Dopo la silloge Inchiostro di alba stampata a Roma nel 2001 dalle Edizioni della Cometa, va ricordata anche la raccolta L’occhio di Parigi, pubblicata nel 2004 dall’Editrice Letteraria Internazionale Libroitaliano di Trapani e dedicata a Pickwick, vale a dire all’amata moglie Pierrette.
L’occhio di Parigi raccoglie 38 poesie dedicate a quartieri, luoghi suggestivi e anche personaggi di Parigi, dove al predominante elemento visivo si giustappongono «ossessioni» olfattive. In un impasto multilingue, l’italiano dotto e parlato s’intreccia al francese e al molfettese e pugliese italianizzato. Per l’italiano parlato segnalo incazzosa (p. 20) e capasciacqua ‘testa vuota’ (p. 64), che è anche napoletano (cfr. Na capa sciacqua di Eduardo Scarpetta).

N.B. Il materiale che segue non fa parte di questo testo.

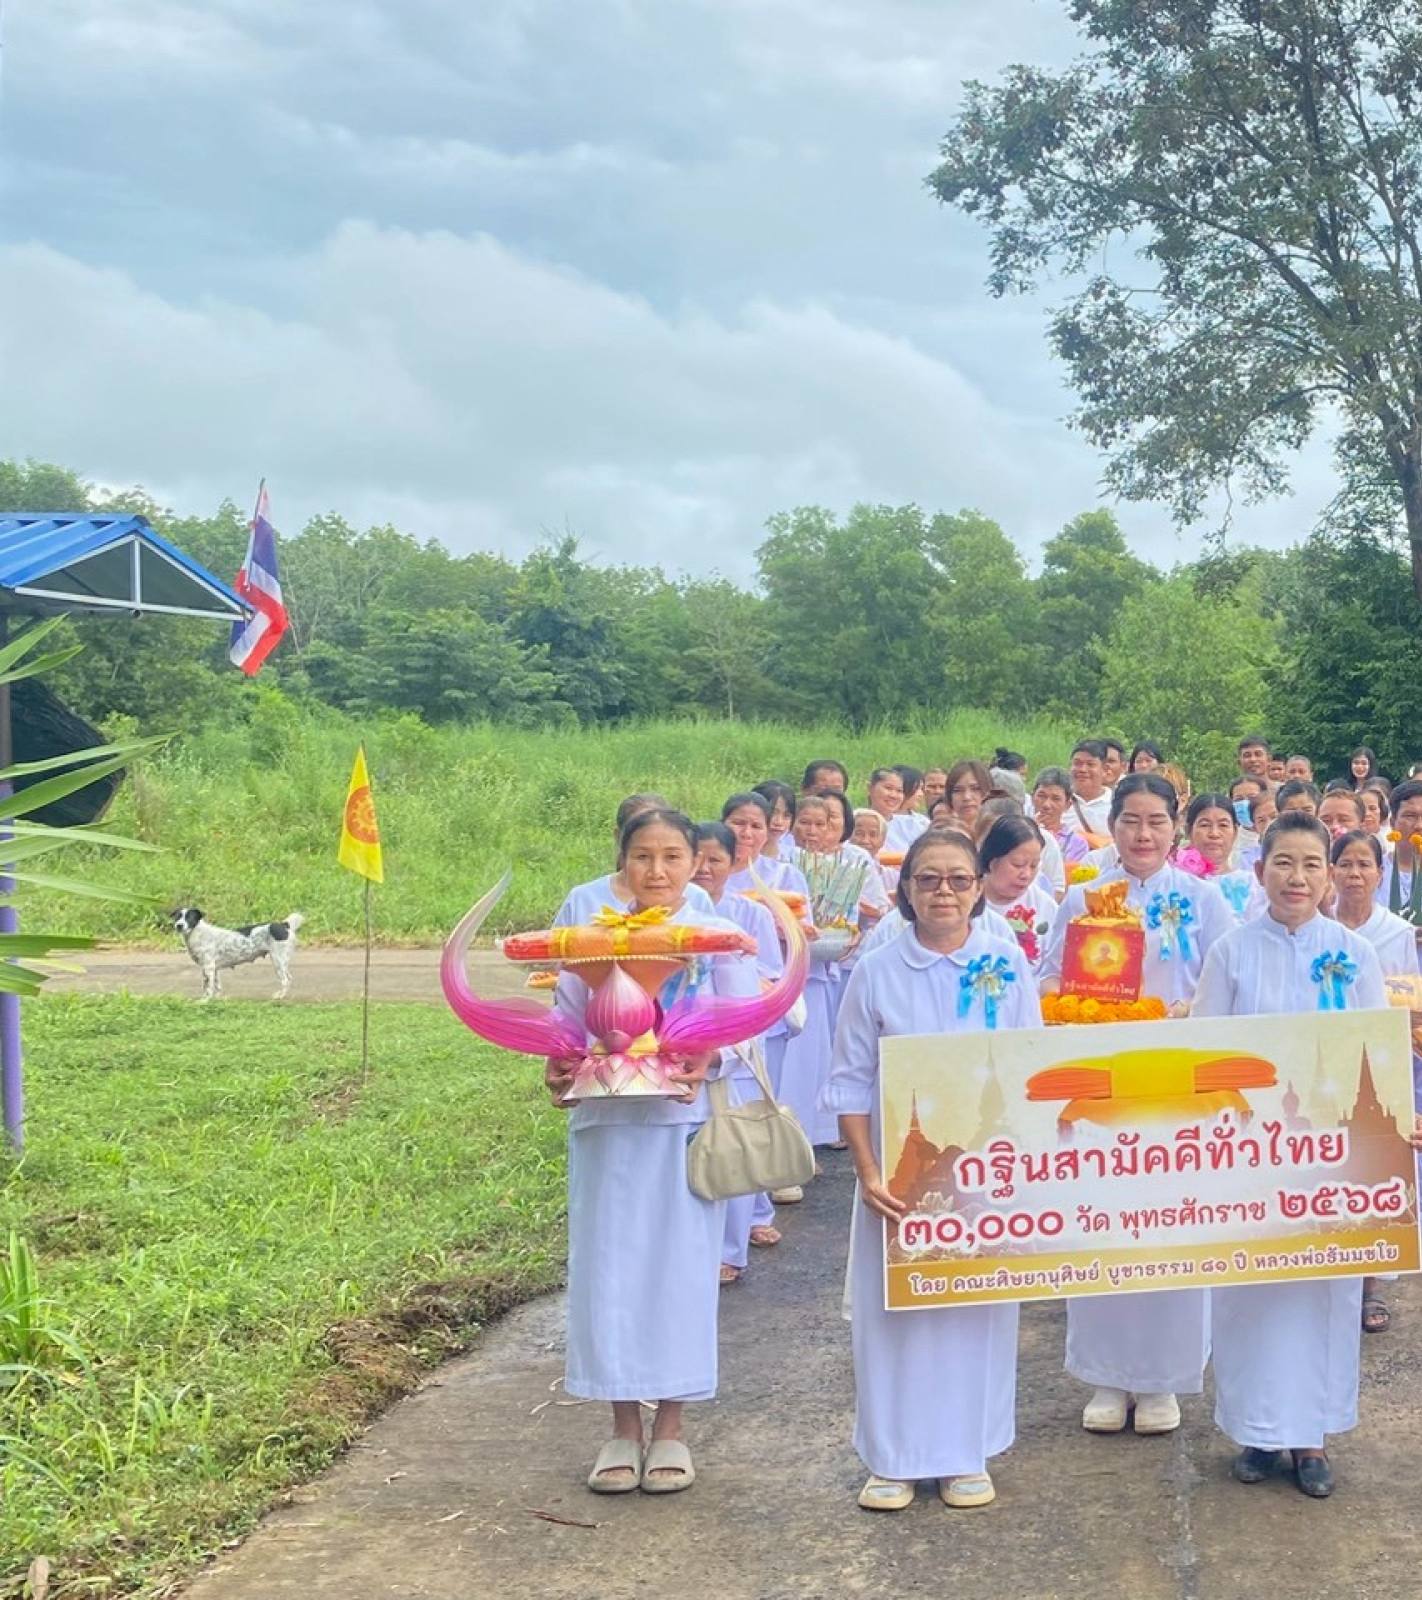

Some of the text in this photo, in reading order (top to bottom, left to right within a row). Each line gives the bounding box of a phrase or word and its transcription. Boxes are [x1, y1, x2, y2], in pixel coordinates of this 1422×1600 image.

Per il pugliese e molfettese cito papazza ‘sonnolenza’ (pp. 33 e 58), assanagliata ‘assatanata’ per assaglianata ‘scalmanata, affannata’ (p. 45); scarcella ‘dolce pasquale’, da Panunzio indicato invece come natalizio (p. 55), e lupomani ‘lupi mannari’ (p. 57). Da segnalare l’epitalamio ‘Mairie Cinquième’, che rievoca il matrimonio di Enrico con Pierrette, nata a Parigi il 23 agosto 1927 e morta in Italia settantaseienne il 14 dicembre 2003.

Enrico Panunzio

Almeno un cenno merita il “canzoniere” Tregua di Azzurro, che si rifà nel titolo alla poesia L’Azur di Mallarmé ed è stato pubblicato dall’editore Schena di Fasano nel 2005 in due volumi in cofanetto articolati a comporre una tetralogia: Prisma di Eterno, Cifra di Ombra, Attimo di Colomba e Voglia di Luce. Alla struttura portante della koinè letteraria italiana, il poeta giustappone neologismi, parole francesi e ancora una volta termini dialettali molfettesi e pugliesi italianizzati. Per evitare il «terrore di itinerari già percorsi», Panunzio forza «l’approccio semantico per rinnovo di stilemi», come spiega nella prefazione (vol. I, p. 7). Il poeta procede per accumulo e garbuglio inesausto di ricordi, parole e immagini. Ne risulta un linguaggio spesso criptico, esoterico, ellittico, idiolettico, molto arduo. Da segnalare in Tregua di Azzurro almeno diverse poesie dedicate alla defunta moglie Pickwick, ossia alla diletta Pierrette.

In definitiva, il versante poetico di Enrico Panunzio si configura come un pianeta letterario estremamente variegato e composito, dotto e curiosamente originale, la cui lettura richiede replicati approcci e continui approfondimenti biografici, filologici e contenutistici.